Re: Oops - BF:Mastodon just died

From
Magnus Hagander
Date:
Dave Page wrote:
> http://www.pgbuildfarm.org/cgi-bin/show_log.pl?nm=mastodon&dt=2008-01-30%2020:00:00

Maybe I shouldn't have had those beers after work today, but that looks 
like it's for example failing tsearch2, which hasn't been touched for 
over a month!

Any chance there's something dodgy in the build env?

(If I'm missing the obvious, I blame the beer!)

//Magnus



Re: Oops - BF:Mastodon just died

From
"Dave Page"
Date:
On Jan 30, 2008 9:13 PM, Magnus Hagander <magnus@hagander.net> wrote:
> Dave Page wrote:
> > http://www.pgbuildfarm.org/cgi-bin/show_log.pl?nm=mastodon&dt=2008-01-30%2020:00:00
>
> Maybe I shouldn't have had those beers after work today, but that looks
> like it's for example failing tsearch2, which hasn't been touched for
> over a month!
>
> Any chance there's something dodgy in the build env?

I can't remember the last time I logged into that box so if it's
something in the buildenv, it's either caused by a Windows update, or
some failing hardware.

/D


Re: Oops - BF:Mastodon just died

From
Magnus Hagander
Date:
Dave Page wrote:
> On Jan 30, 2008 9:13 PM, Magnus Hagander <magnus@hagander.net> wrote:
>> Dave Page wrote:
>>> http://www.pgbuildfarm.org/cgi-bin/show_log.pl?nm=mastodon&dt=2008-01-30%2020:00:00
>> Maybe I shouldn't have had those beers after work today, but that looks
>> like it's for example failing tsearch2, which hasn't been touched for
>> over a month!
>>
>> Any chance there's something dodgy in the build env?
> 
> I can't remember the last time I logged into that box so if it's
> something in the buildenv, it's either caused by a Windows update, or
> some failing hardware.

I won't have access to my MSVC box until tomorrow, but unless beaten to 
it I can dig into it a bit more.
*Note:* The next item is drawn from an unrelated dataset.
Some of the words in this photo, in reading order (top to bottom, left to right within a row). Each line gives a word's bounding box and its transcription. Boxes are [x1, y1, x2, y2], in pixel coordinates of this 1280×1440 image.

I don't see anything obvious int he 
latest patches thoughy (but again, that could be the beer :-P).

Any chance you could just do a forced run on it now to show if it was 
some kind of transient stuff?

//Magnus


Re: Oops - BF:Mastodon just died

From
Andrew Dunstan
Date:

Dave Page wrote:
> On Jan 30, 2008 9:13 PM, Magnus Hagander <magnus@hagander.net> wrote:
>   
>> Dave Page wrote:
>>     
>>> http://www.pgbuildfarm.org/cgi-bin/show_log.pl?nm=mastodon&dt=2008-01-30%2020:00:00
>>>       
>> Maybe I shouldn't have had those beers after work today, but that looks
>> like it's for example failing tsearch2, which hasn't been touched for
>> over a month!
>>
>> Any chance there's something dodgy in the build env?
>>     
>
> I can't remember the last time I logged into that box so if it's
> something in the buildenv, it's either caused by a Windows update, or
> some failing hardware.
>
>
>   

None of the CVS changes in the relevant period seems to have any 
relation to the errors, so I suspect a local problem.
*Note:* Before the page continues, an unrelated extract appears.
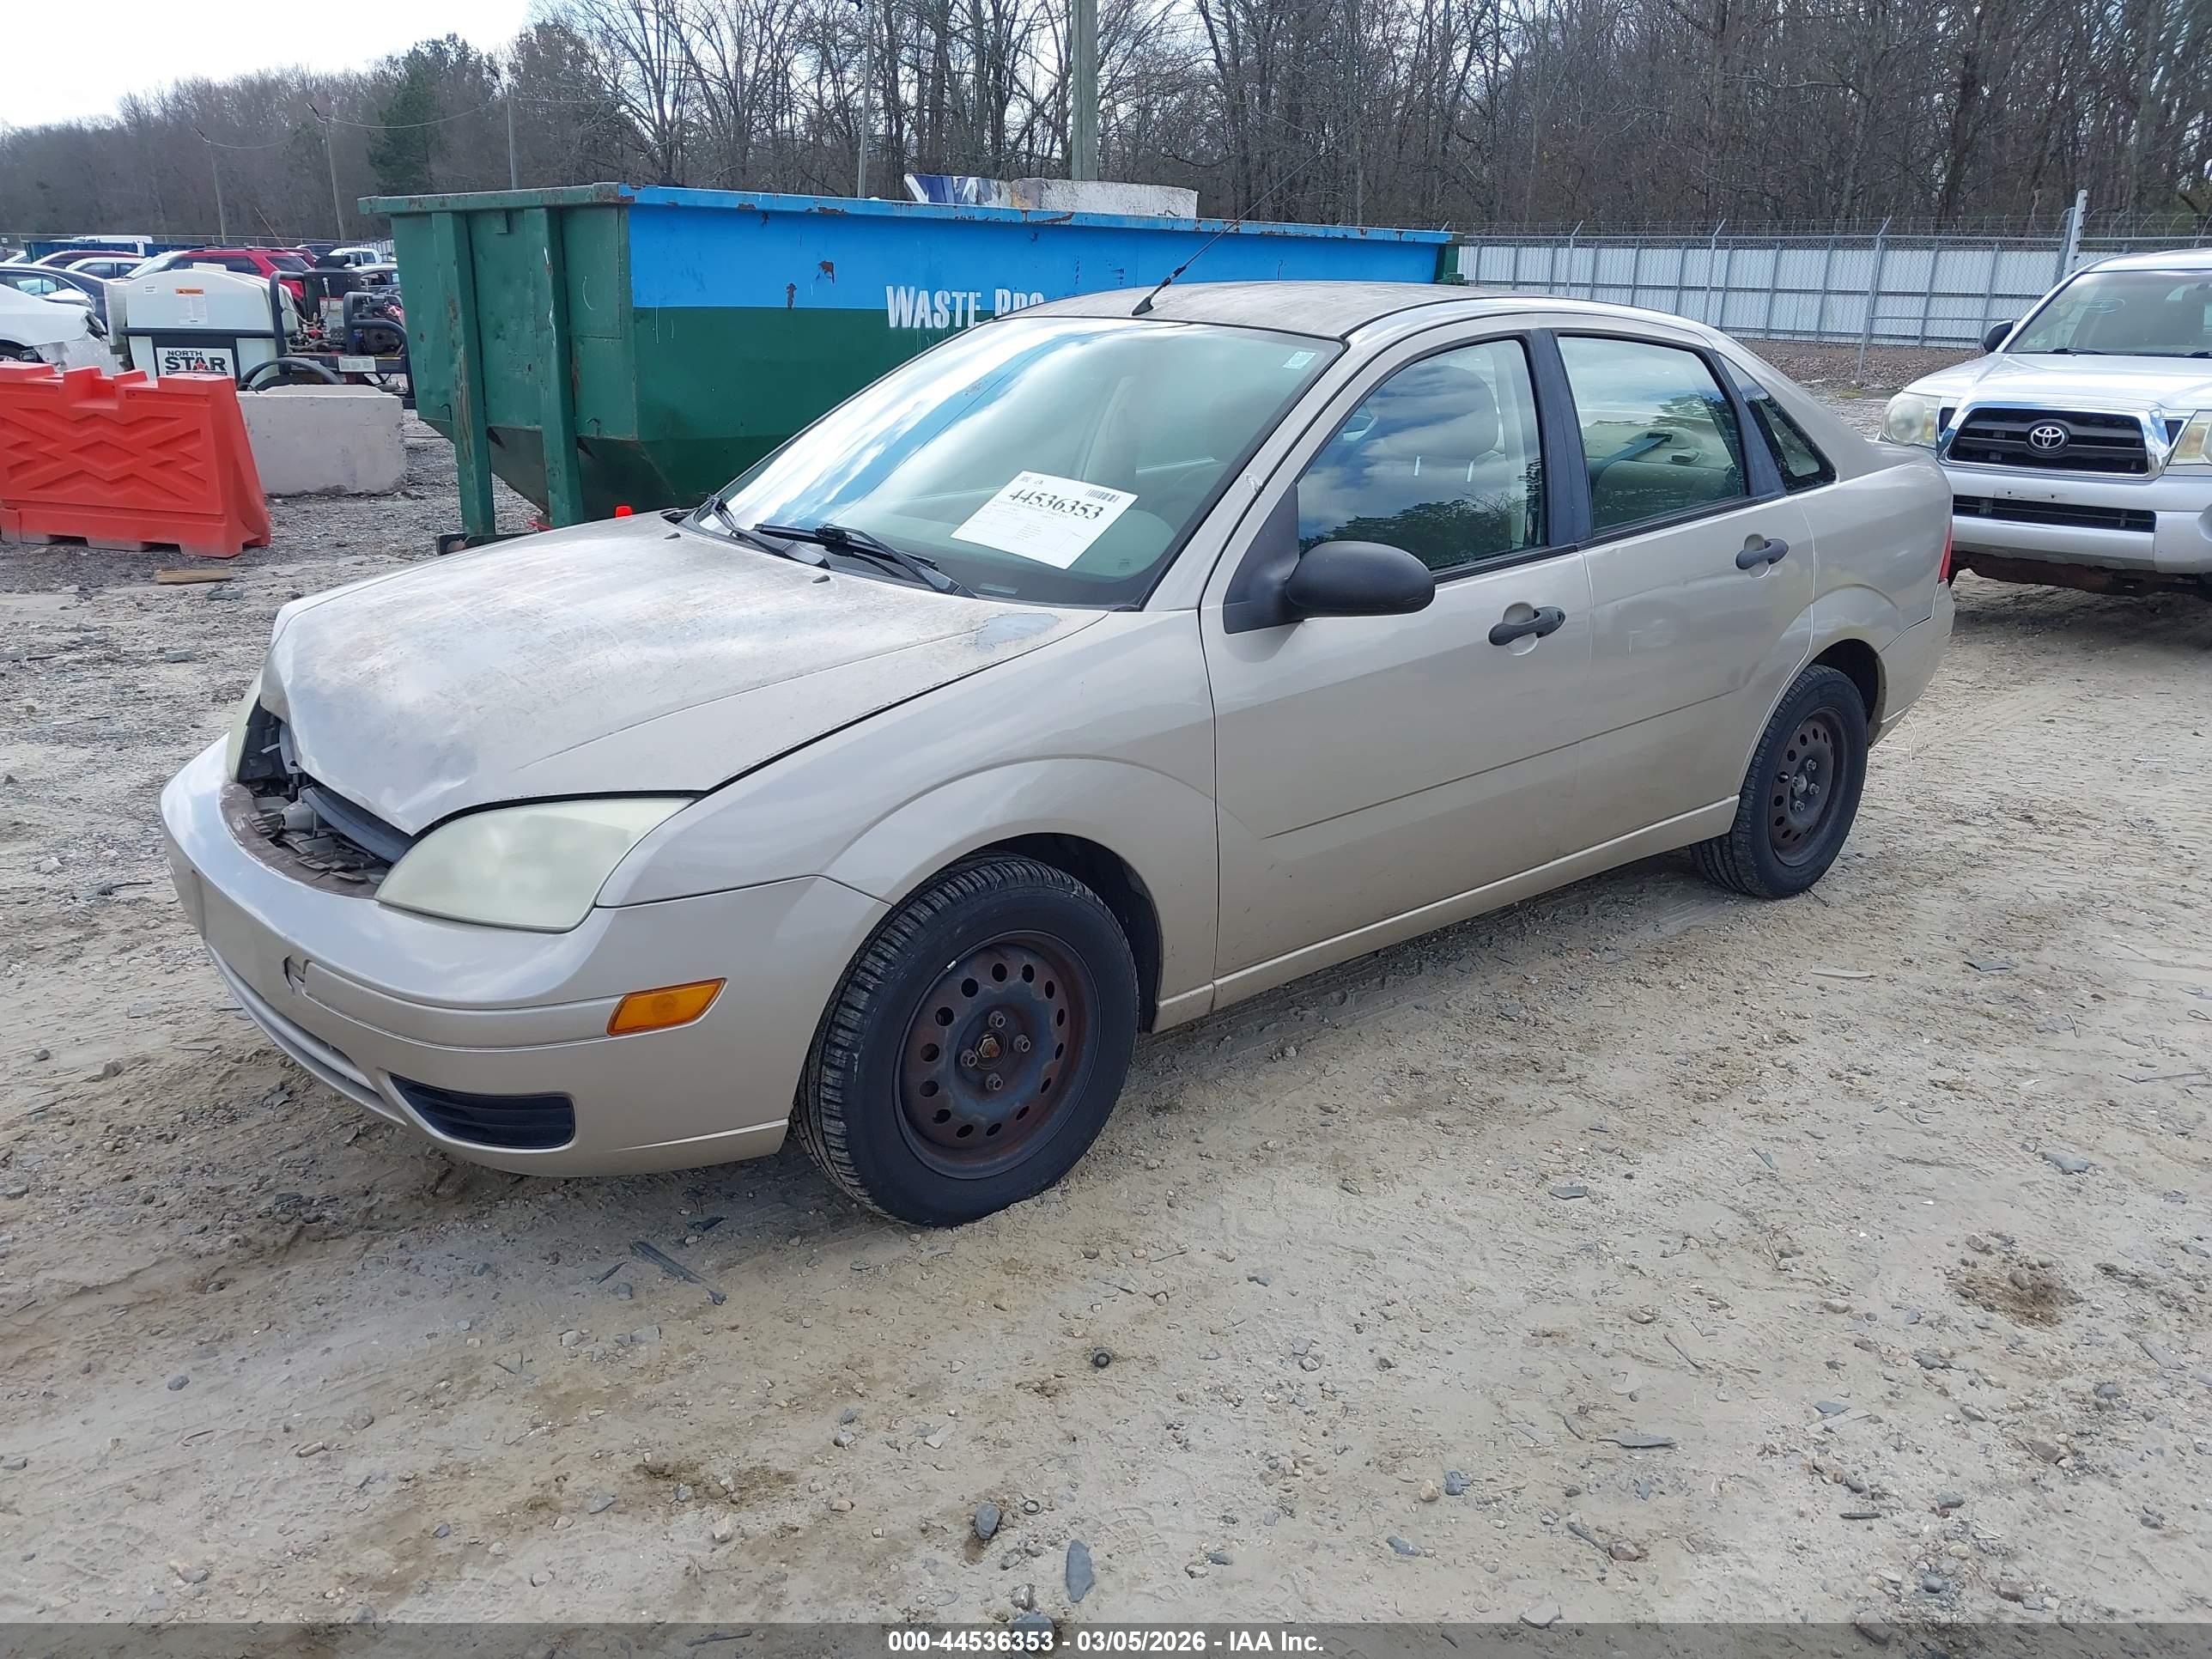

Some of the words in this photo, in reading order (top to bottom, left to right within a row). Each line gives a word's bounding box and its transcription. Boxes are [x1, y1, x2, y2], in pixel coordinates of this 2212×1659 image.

[885, 285, 982, 329] WASTE
[164, 356, 227, 371] STAR
[1008, 488, 1105, 520] 44536353
red_bat is due to build in a couple of hours, so we will soon see if it 
reproduces the error.

cheers

andrew



Re: Oops - BF:Mastodon just died

From
"Dave Page"
Date:
On Jan 30, 2008 9:21 PM, Magnus Hagander <magnus@hagander.net> wrote:
>
> I won't have access to my MSVC box until tomorrow, but unless beaten to
> it I can dig into it a bit more. I don't see anything obvious int he
> latest patches thoughy (but again, that could be the beer :-P).
>
> Any chance you could just do a forced run on it now to show if it was
> some kind of transient stuff?

Not from here. :-(

/D


Re: Oops - BF:Mastodon just died

From
Tom Lane
Date:
Andrew Dunstan <andrew@dunslane.net> writes:
> None of the CVS changes in the relevant period seems to have any 
> relation to the errors, so I suspect a local problem.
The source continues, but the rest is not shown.